Qur’an desecration seen as attack on Muslim way of life

by Jon M. Sweeney

As you probably know by now, since 9/11, several guards and interrogators at the U.S. military base on Guantanamo Bay, Cuba, have been accused of desecrating copies of the Qur’an, Islam’s holy scriptures, in a crude attempt to rattle Muslim prisoners into talking.

A month ago, Newsweek reported that a copy of the Qur’an had been flushed down a toilet. As this news spread around the world, it quickly came to reinforce the perception in Muslim countries that the U.S. war on terrorism is also a Christian war on Islam. Riots erupted, most notably in Afghanistan, and these riots resulted in more than a dozen deaths.

Within a week, under intense pressure from the U.S. State Department, Newsweek retracted its story. They said that their information was not solid. Late on Monday afternoon, May 16, Newsweek issued a retraction.
By May 27, more details came out about the abuse of the Qur’an by American interrogators in Cuba. The results of a U.S. military investigation were revealed to the press; there were no admitted Qur’an flushings, but there were still several acts of desecration and abuse of the holy book.

But why would Muslims riot over the treatment of a book, albeit their most holy of books? It’s not as if they were protesting the abuse of human prisoners at Guantanamo Bay—which has also been alleged by former prisoners, military and non-military personnel who have worked at the camp, and most recently, by Amnesty International in its new, annual report. (On May 25, Amnesty’s secretary general, Irene Khan, called Guantanamo “the gulag of our times.”)

You hardly ever see a liberal or progressive Muslim in television or print news. The Muslims who reacted around the world to the desecration of the Qur’an are Orthodox. They believe that the Qur’an is the literal, unadulterated, unedited, direct word of God (Allah) to humanity. They believe that all other scriptures and holy books are secondary.

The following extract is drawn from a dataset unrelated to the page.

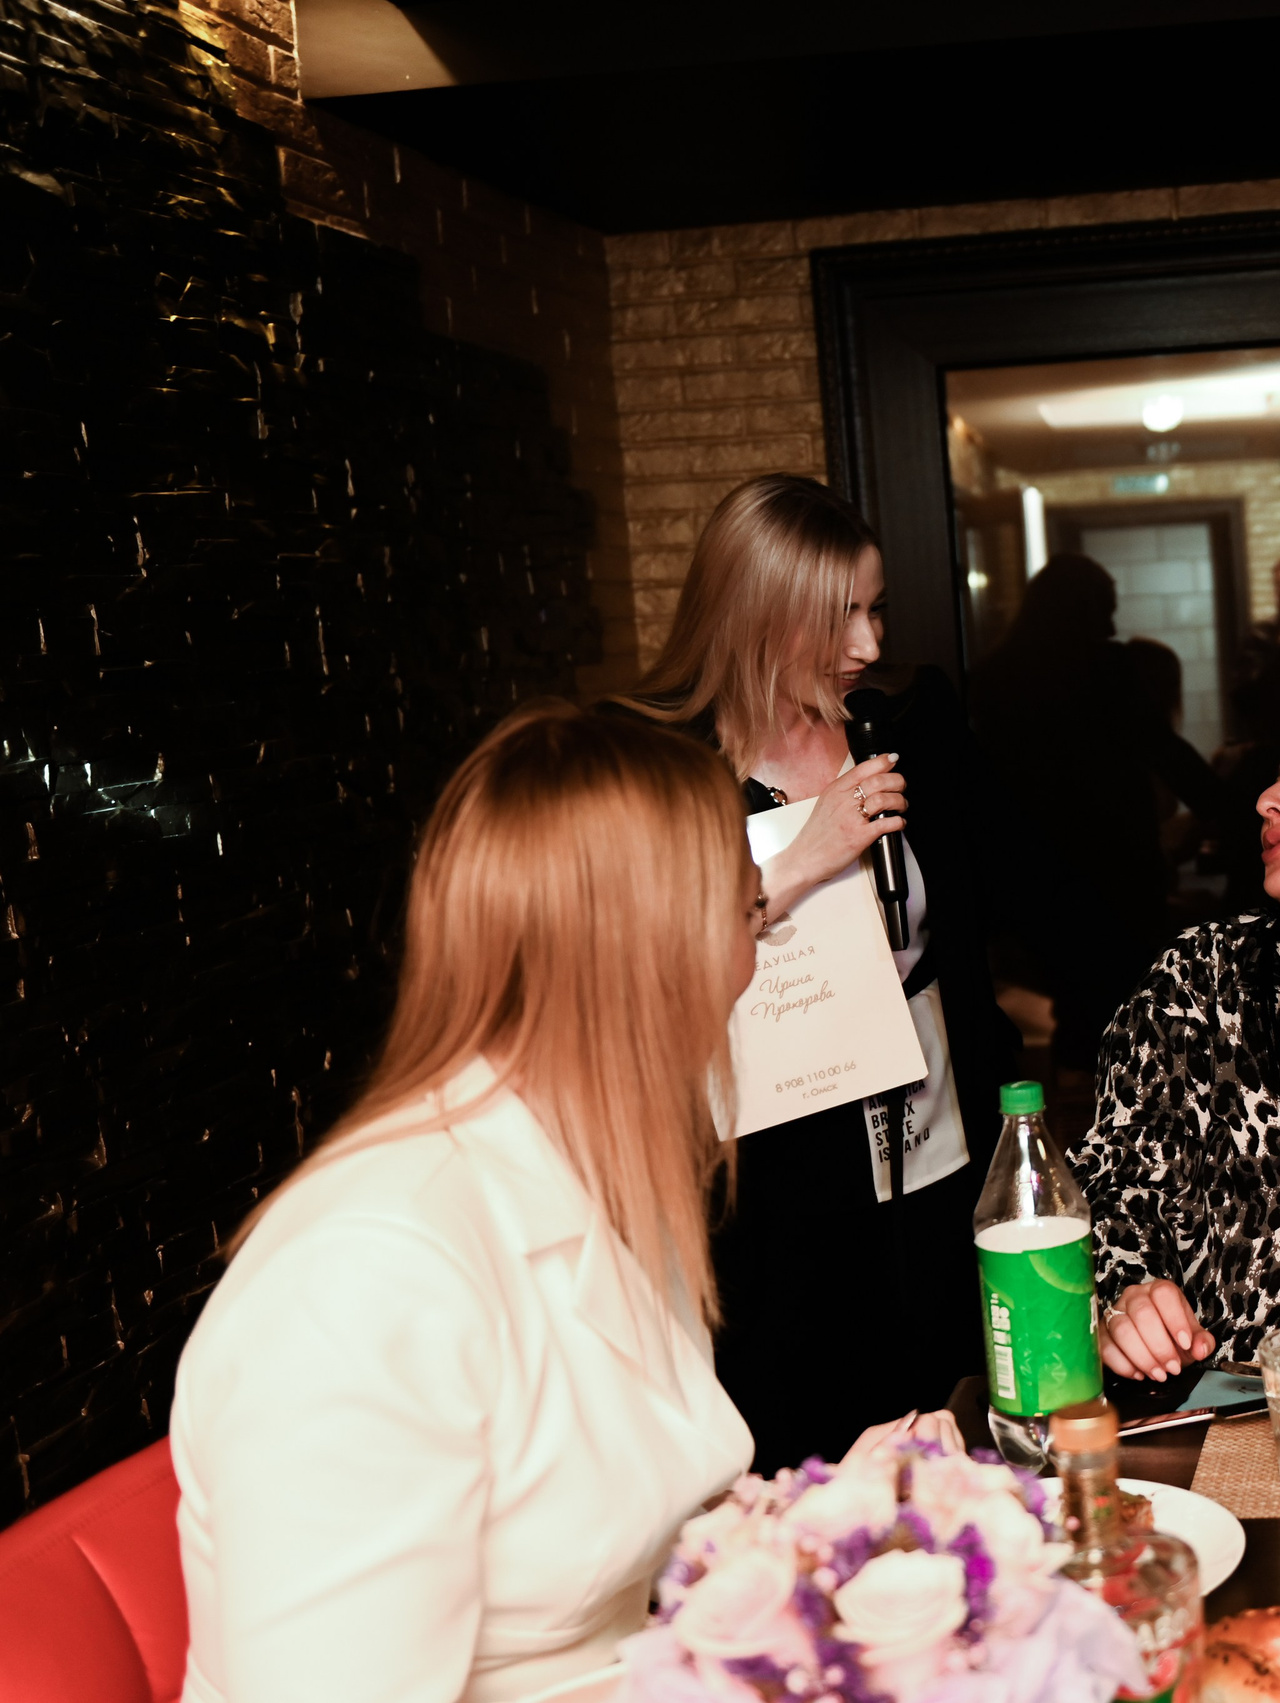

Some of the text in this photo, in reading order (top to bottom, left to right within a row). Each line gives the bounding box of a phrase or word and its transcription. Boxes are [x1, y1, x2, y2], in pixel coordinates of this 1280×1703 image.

Irshad Manji, the Canadian author of the book The Trouble with Islam, teaches that progressive Muslims need to create more opportunities for dissent. In her op-ed on the Guantanamo Bay crisis, published in the Los Angeles Times, she wrote: “Riots in Afghanistan have already resulted in at least 14 deaths. Aid workers have been attacked; their offices burned. How does this benefit the cause of dignity — for anyone?” But the vocal majority of Muslims in the Middle East and Asia do not listen to voices such as Ms. Manji’s.

Twelve thousand Muslim protestors filled the streets of Alexandria, Egypt, last month to march against the United States. In Lebanon, as many as 5,000 Muslims marched after Friday prayers, and chanted “America, listen! With my blood I will protect my Qur’an!” Traditionally Muslim countries see America’s power in the world as a threat to their way of life. Crass treatment of Islam’s holy book emphasized that threat powerfully, concretely.

The Qur’an is more than a symbol to the Muslims who are outraged. Our disrespect of the book is interpreted as reflecting our stance on the future of Islam, relations with Muslim countries, and individual Muslims. For those who feel threatened by a nation that has toppled two regimes in as many years, our actions connote an attitude of superiority that could jeopardize not only their religion, but every aspect of their lives.

Jon Sweeney is an author and editor living in Vermont. His new book is

More by Jon Sweeney.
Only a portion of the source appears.